■ **Problem to work on**
Print the records below exactly. Omit every picture.

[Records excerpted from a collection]
####
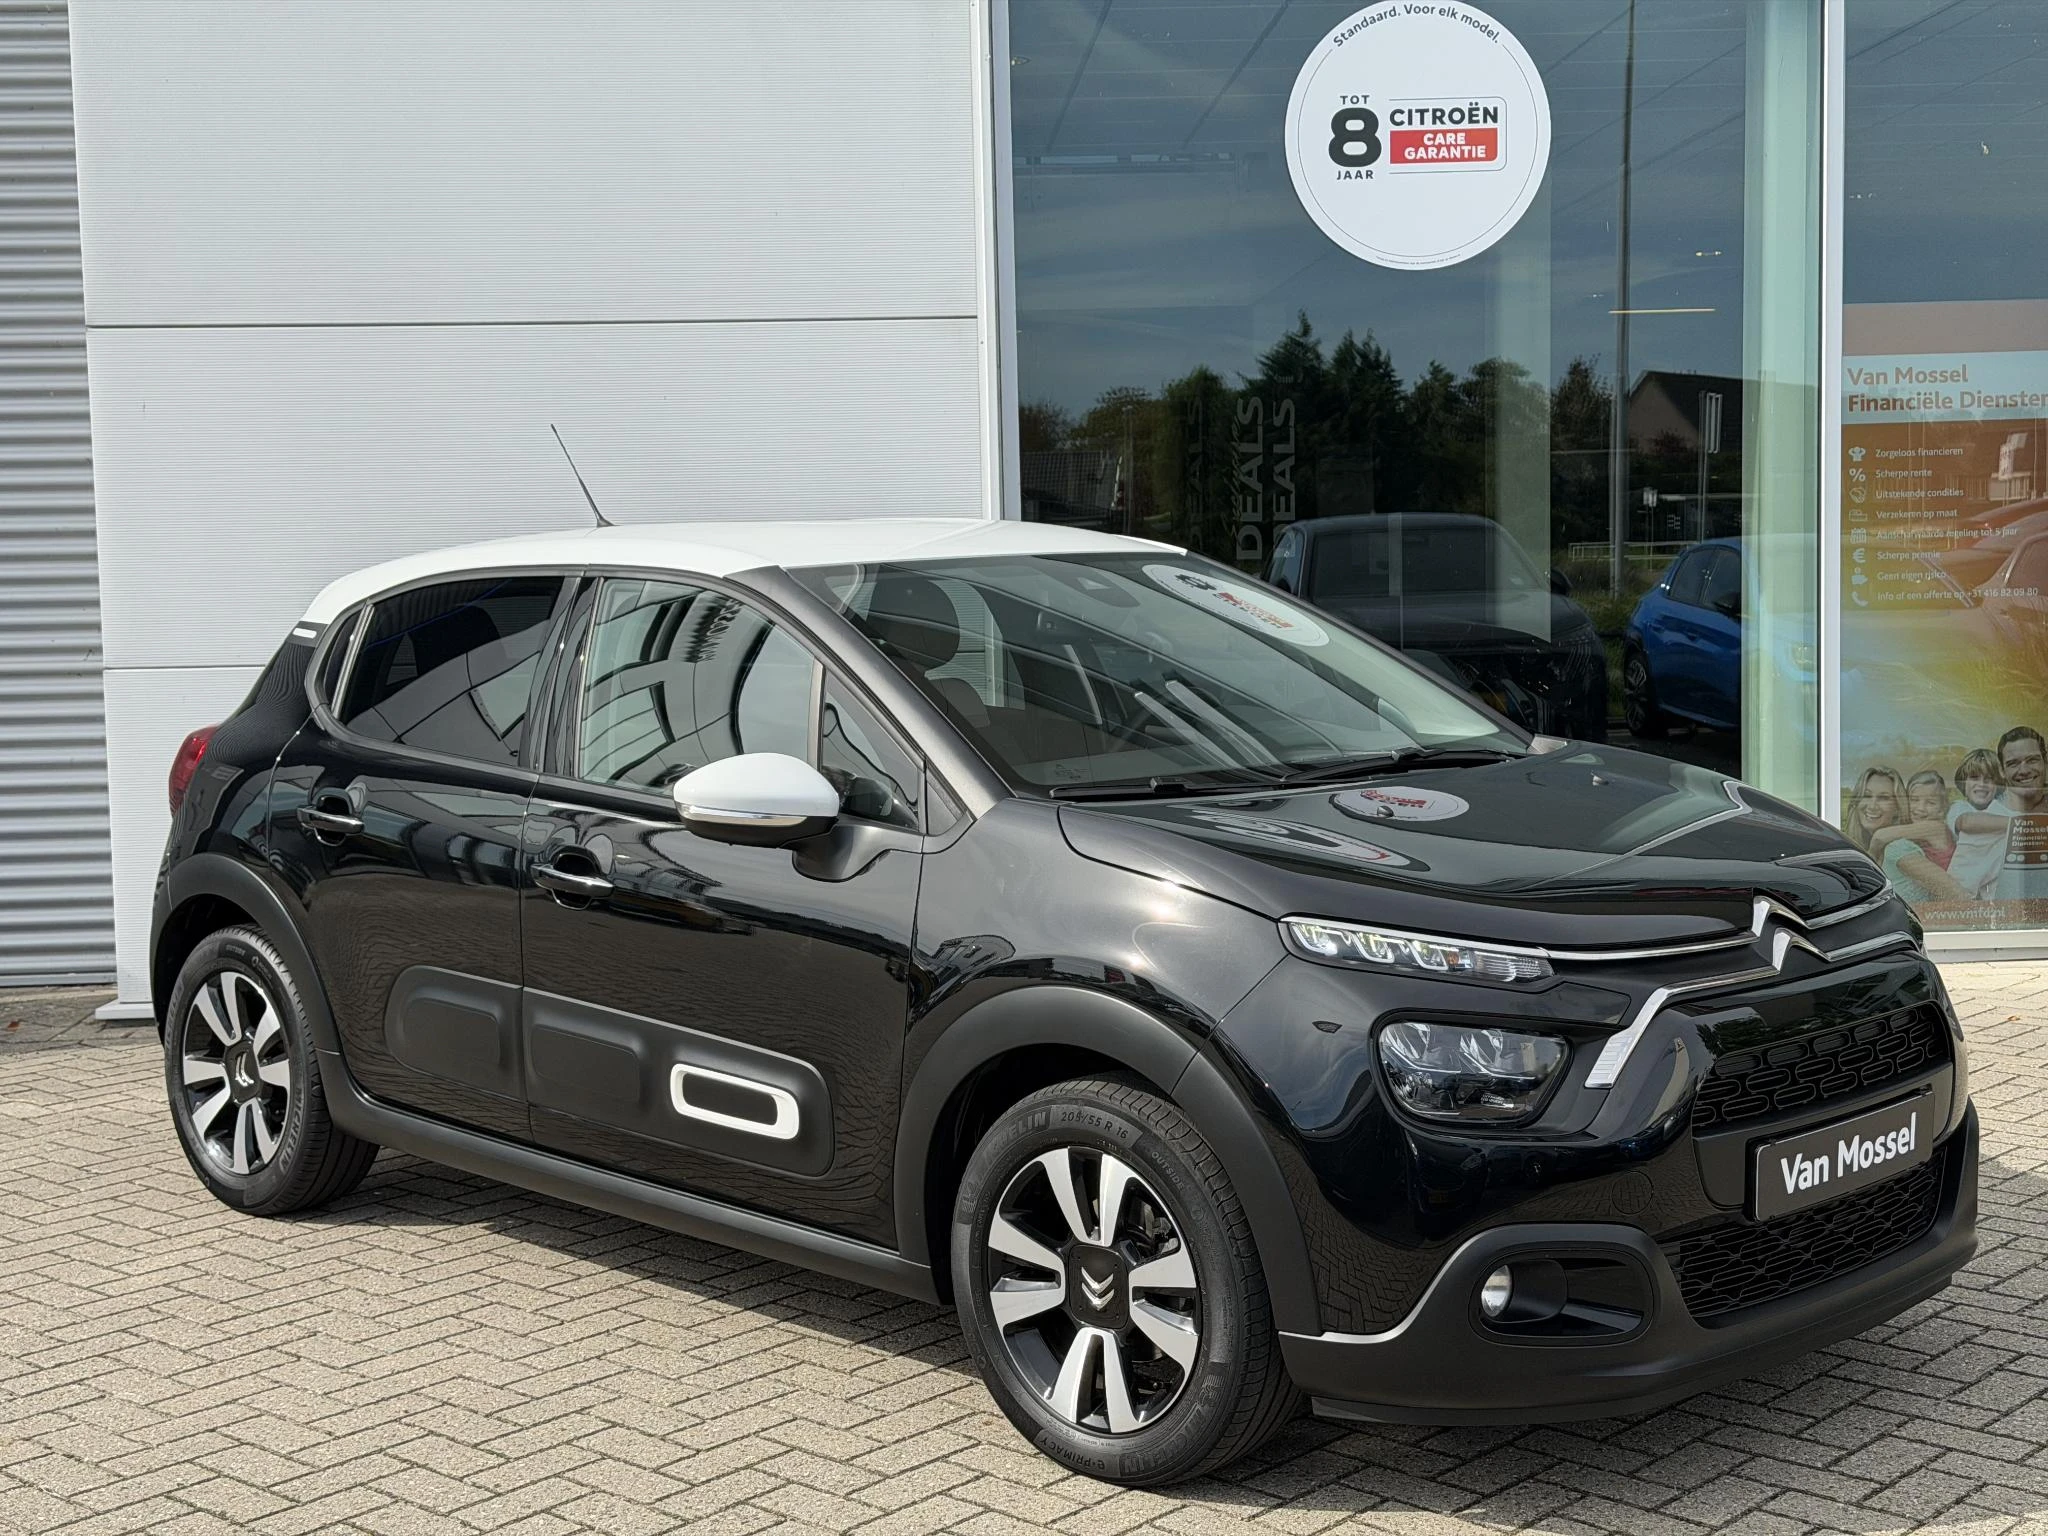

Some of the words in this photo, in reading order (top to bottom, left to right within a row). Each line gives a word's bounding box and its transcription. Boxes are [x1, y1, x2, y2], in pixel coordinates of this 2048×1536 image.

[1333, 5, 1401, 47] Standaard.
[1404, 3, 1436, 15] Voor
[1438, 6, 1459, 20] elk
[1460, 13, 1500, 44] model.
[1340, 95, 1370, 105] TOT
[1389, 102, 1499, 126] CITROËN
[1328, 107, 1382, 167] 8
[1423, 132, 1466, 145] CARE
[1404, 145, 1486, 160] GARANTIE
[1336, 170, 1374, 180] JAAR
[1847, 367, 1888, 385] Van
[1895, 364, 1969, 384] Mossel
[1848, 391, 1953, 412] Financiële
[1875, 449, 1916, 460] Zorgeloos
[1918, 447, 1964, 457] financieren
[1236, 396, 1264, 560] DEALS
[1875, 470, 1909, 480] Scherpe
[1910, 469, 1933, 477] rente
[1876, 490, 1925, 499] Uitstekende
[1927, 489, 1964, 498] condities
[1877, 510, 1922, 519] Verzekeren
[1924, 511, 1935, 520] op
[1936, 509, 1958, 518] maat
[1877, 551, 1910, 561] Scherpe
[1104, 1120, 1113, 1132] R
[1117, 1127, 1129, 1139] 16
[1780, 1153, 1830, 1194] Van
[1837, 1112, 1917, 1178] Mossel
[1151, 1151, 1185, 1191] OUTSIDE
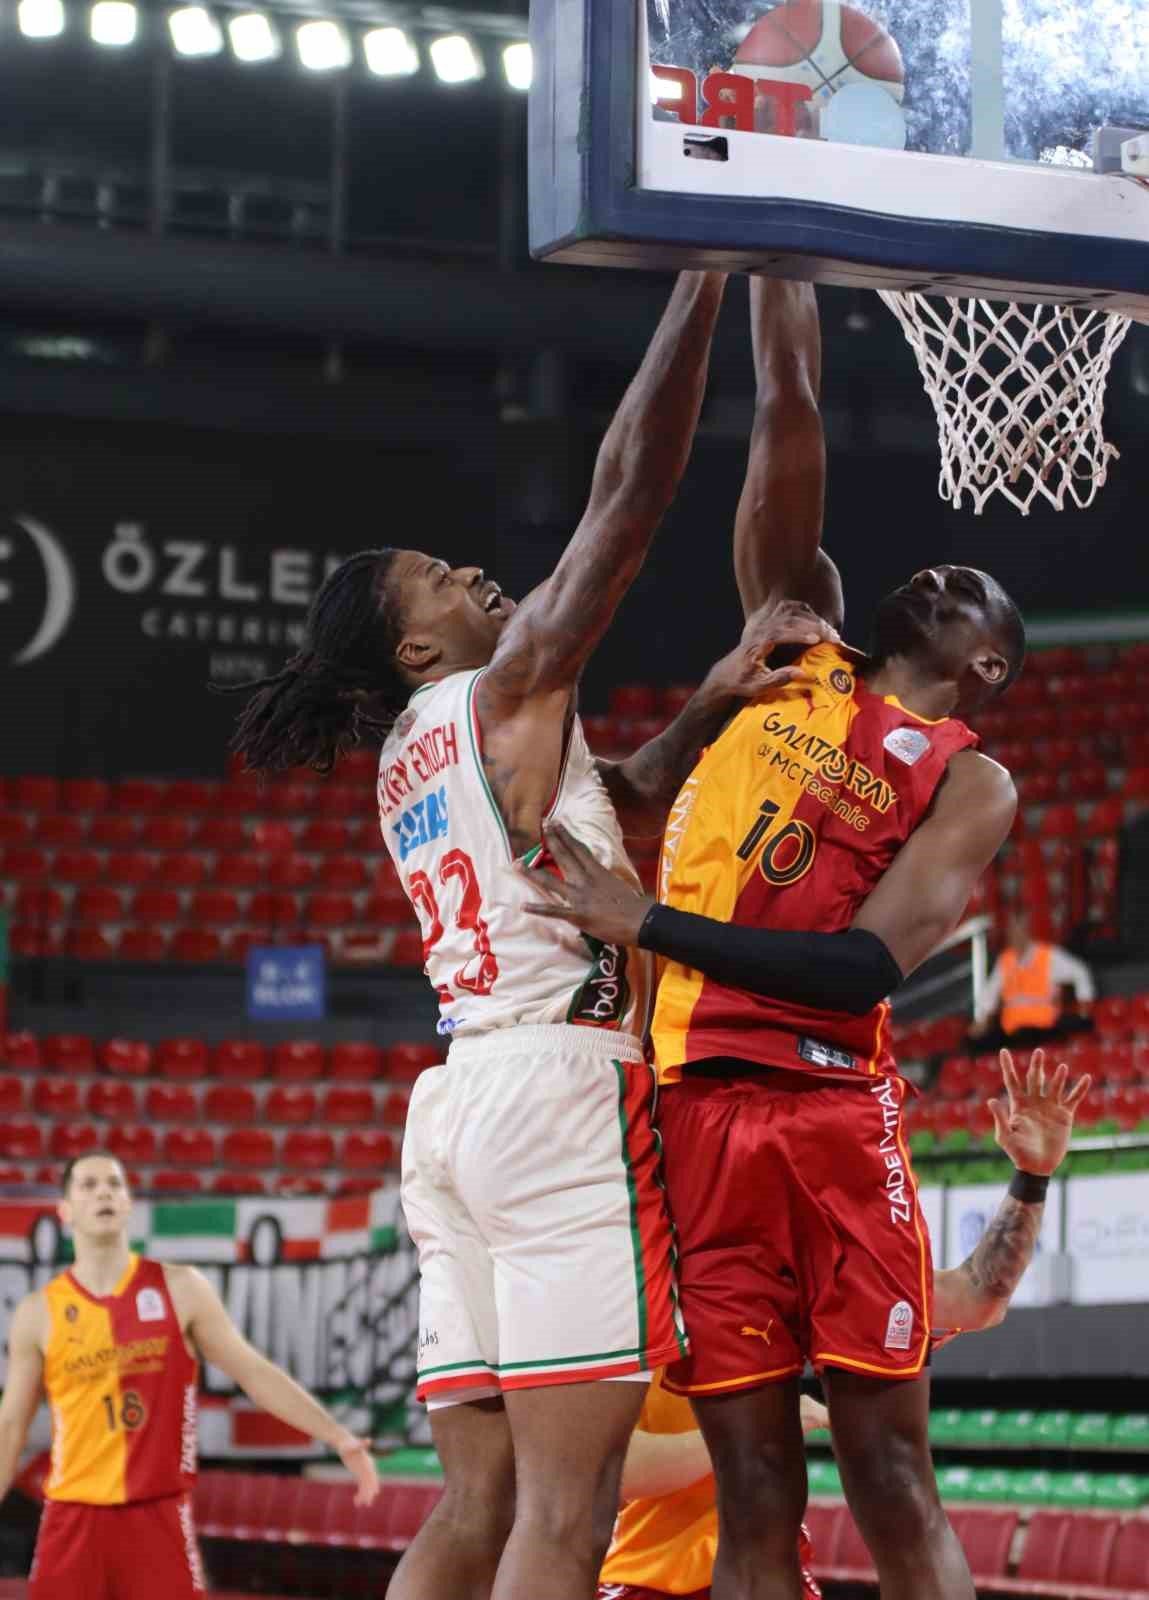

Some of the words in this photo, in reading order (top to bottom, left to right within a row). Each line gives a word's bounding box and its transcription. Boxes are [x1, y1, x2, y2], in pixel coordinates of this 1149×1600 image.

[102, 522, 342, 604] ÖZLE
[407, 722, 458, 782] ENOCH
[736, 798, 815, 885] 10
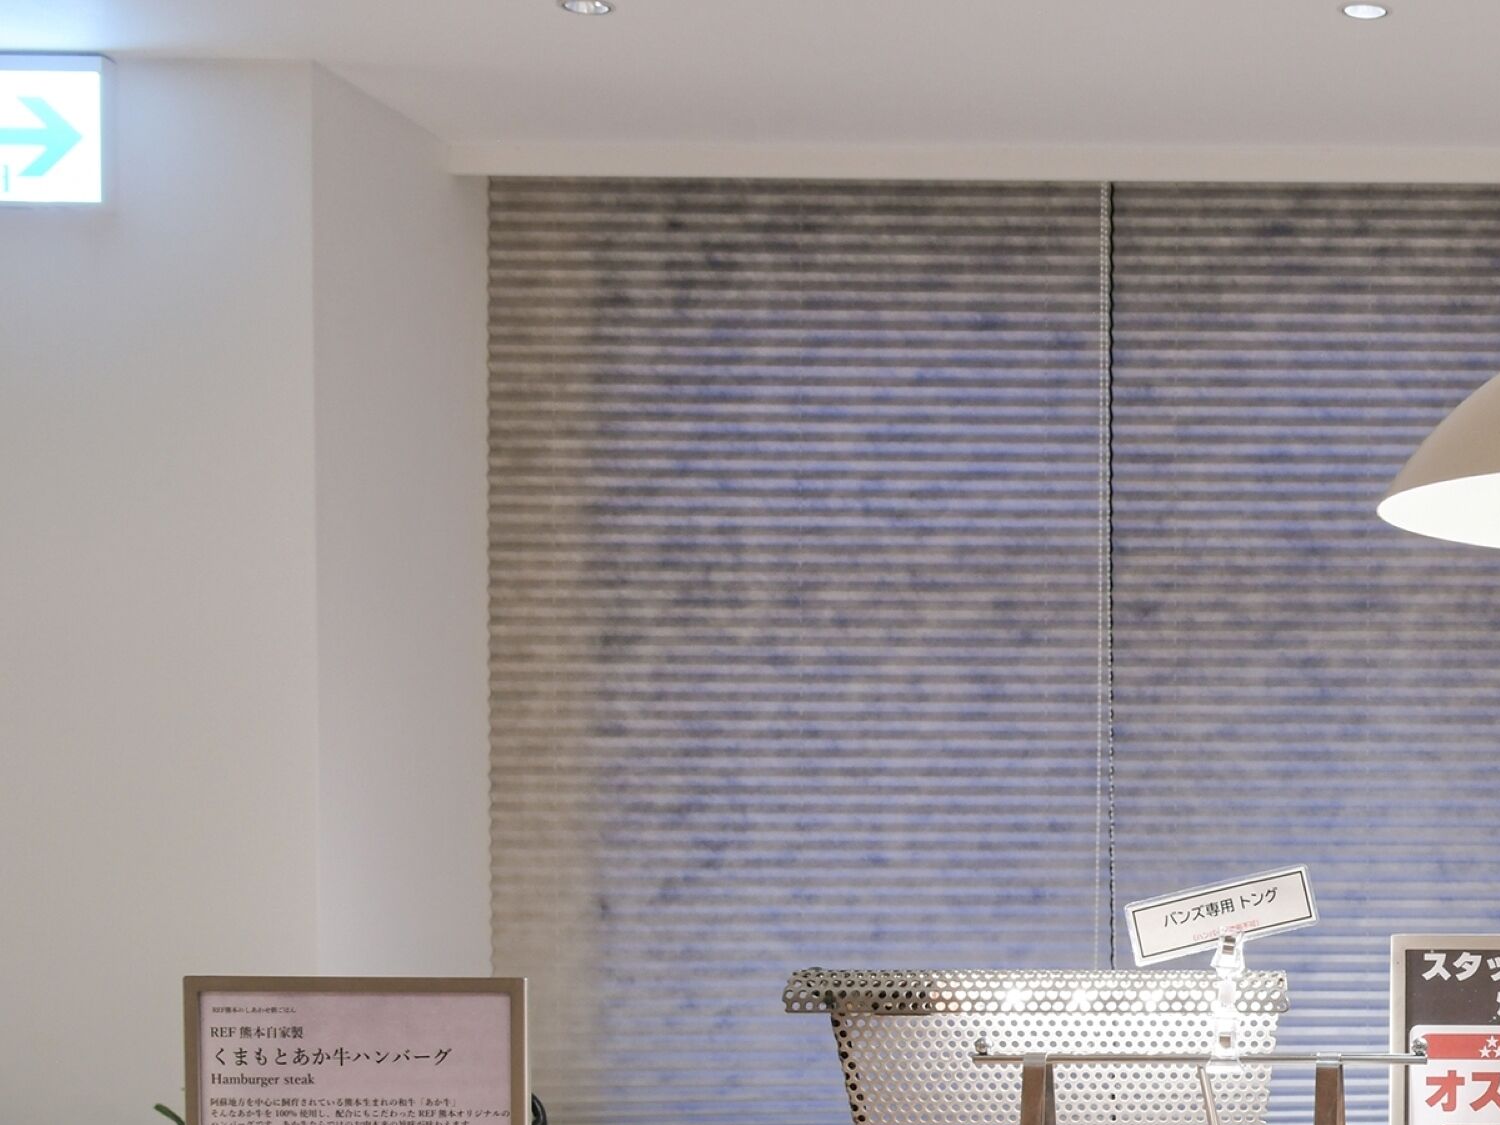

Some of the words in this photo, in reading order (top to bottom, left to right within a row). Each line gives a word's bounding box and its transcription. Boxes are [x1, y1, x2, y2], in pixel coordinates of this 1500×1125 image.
####
■ **Result for this task**
Some of the words in this photo, in reading order (top to bottom, left to right within a row). Each line gives a word's bounding box and its transcription. Boxes are [x1, y1, x2, y2], in pixel coordinates of this 2048×1536 image.

[1333, 5, 1401, 47] Standaard.
[1404, 3, 1436, 15] Voor
[1438, 6, 1459, 20] elk
[1460, 13, 1500, 44] model.
[1340, 95, 1370, 105] TOT
[1389, 102, 1499, 126] CITROËN
[1328, 107, 1382, 167] 8
[1423, 132, 1466, 145] CARE
[1404, 145, 1486, 160] GARANTIE
[1336, 170, 1374, 180] JAAR
[1847, 367, 1888, 385] Van
[1895, 364, 1969, 384] Mossel
[1848, 391, 1953, 412] Financiële
[1875, 449, 1916, 460] Zorgeloos
[1918, 447, 1964, 457] financieren
[1236, 396, 1264, 560] DEALS
[1875, 470, 1909, 480] Scherpe
[1910, 469, 1933, 477] rente
[1876, 490, 1925, 499] Uitstekende
[1927, 489, 1964, 498] condities
[1877, 510, 1922, 519] Verzekeren
[1924, 511, 1935, 520] op
[1936, 509, 1958, 518] maat
[1877, 551, 1910, 561] Scherpe
[1104, 1120, 1113, 1132] R
[1117, 1127, 1129, 1139] 16
[1780, 1153, 1830, 1194] Van
[1837, 1112, 1917, 1178] Mossel
[1151, 1151, 1185, 1191] OUTSIDE

Some of the words in this photo, in reading order (top to bottom, left to right within a row). Each line gives a word's bounding box and its transcription. Boxes are [x1, y1, x2, y2], in pixel coordinates of this 1149×1600 image.

[102, 522, 342, 604] ÖZLE
[407, 722, 458, 782] ENOCH
[736, 798, 815, 885] 10

Some of the words in this photo, in reading order (top to bottom, left to right within a row). Each line gives a word's bounding box and its transcription. Boxes are [x1, y1, x2, y2], in pixel coordinates of this 1500×1125 image.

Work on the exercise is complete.